The son of Joseph Serré and Marie-Madeleine Picard, he was born in Montreal. Cerré established himself in Kaskaskia as a merchant in 1755 but retained business and personal connections with Montreal. He was pragmatic in his politics, supporting the British authorities while they were in control and transferring his loyalties to the Americans after George Rogers Clark seized control of the region. In 1779, he was named a justice of the peace for the district. However, the new government was not able to maintain order and, around the end of 1779, he moved to St. Louis, then under Spanish control. His business prospered and he became one of the wealthiest and most influential persons in the area. Control of the Louisiana territory later passed to France, who sold it to the United States in 1803. Cerré died in St. Louis two years later at the age of 70.

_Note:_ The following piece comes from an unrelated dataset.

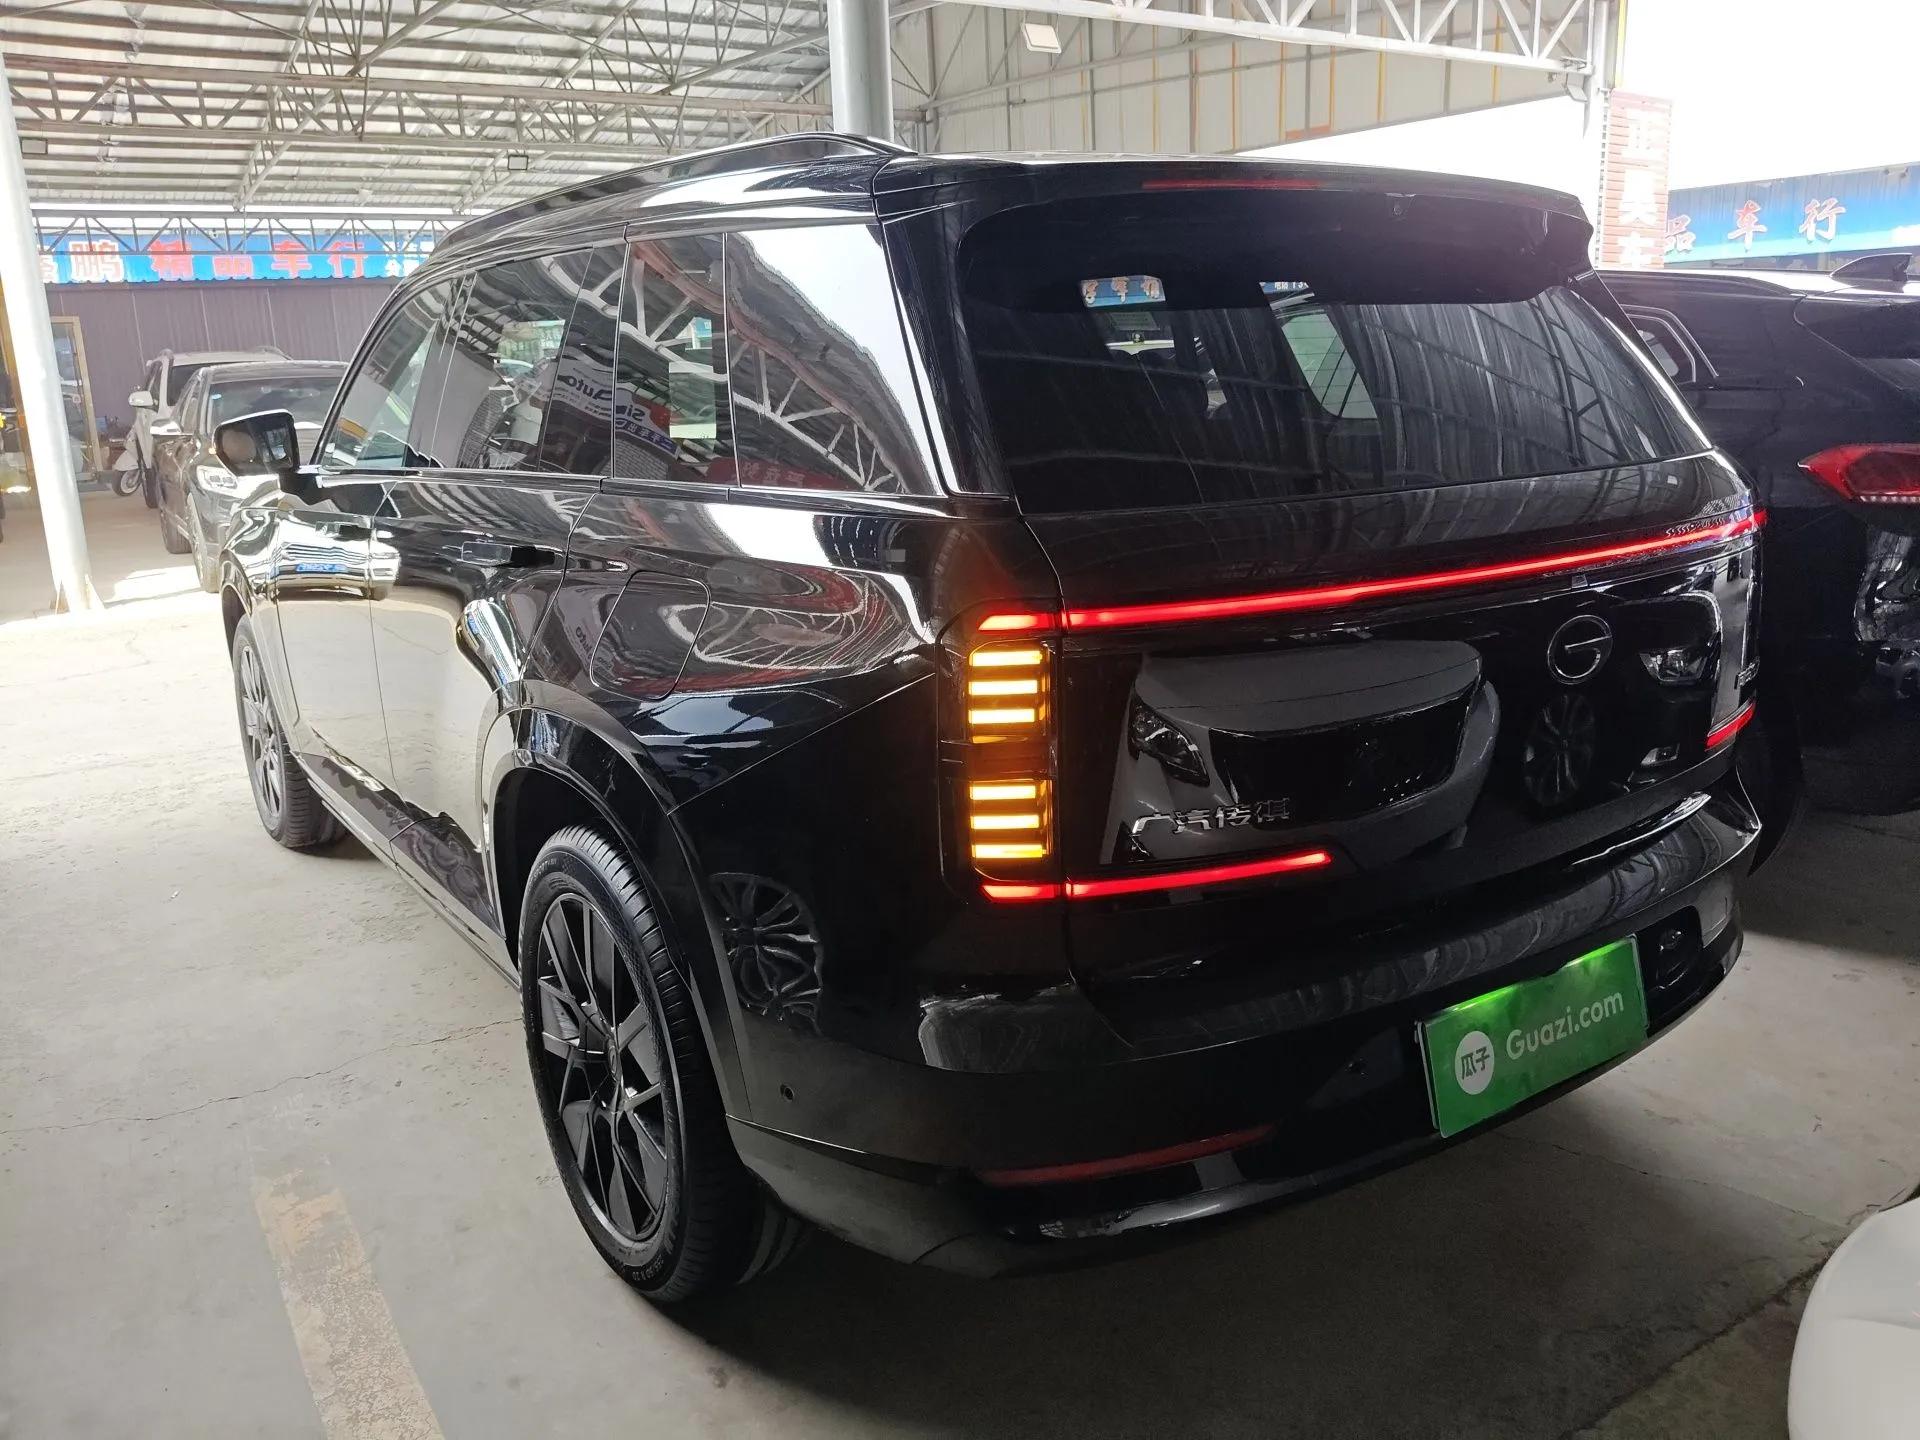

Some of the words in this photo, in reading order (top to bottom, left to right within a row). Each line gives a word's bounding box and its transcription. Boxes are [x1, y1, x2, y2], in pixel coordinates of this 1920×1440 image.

[1131, 797, 1291, 836] 广汽传祺
[1506, 991, 1625, 1061] Guazi.com
[1460, 1045, 1491, 1080] 瓜子

Cerre Street in St. Louis was named after Jean-Gabriel Cerré.

== Personal life ==
His daughter Marie-Anne married Pierre-Louis Panet, a Montreal notary, and his daughter Marie-Thérèse married Auguste Chouteau, founder of St. Louis. Julia, his youngest daughter, donated to St. Louis the land that is now Soulard Farmers Market. Julia married Antoine Pierre Soulard, the king's surveyor for the upper Louisiana territory.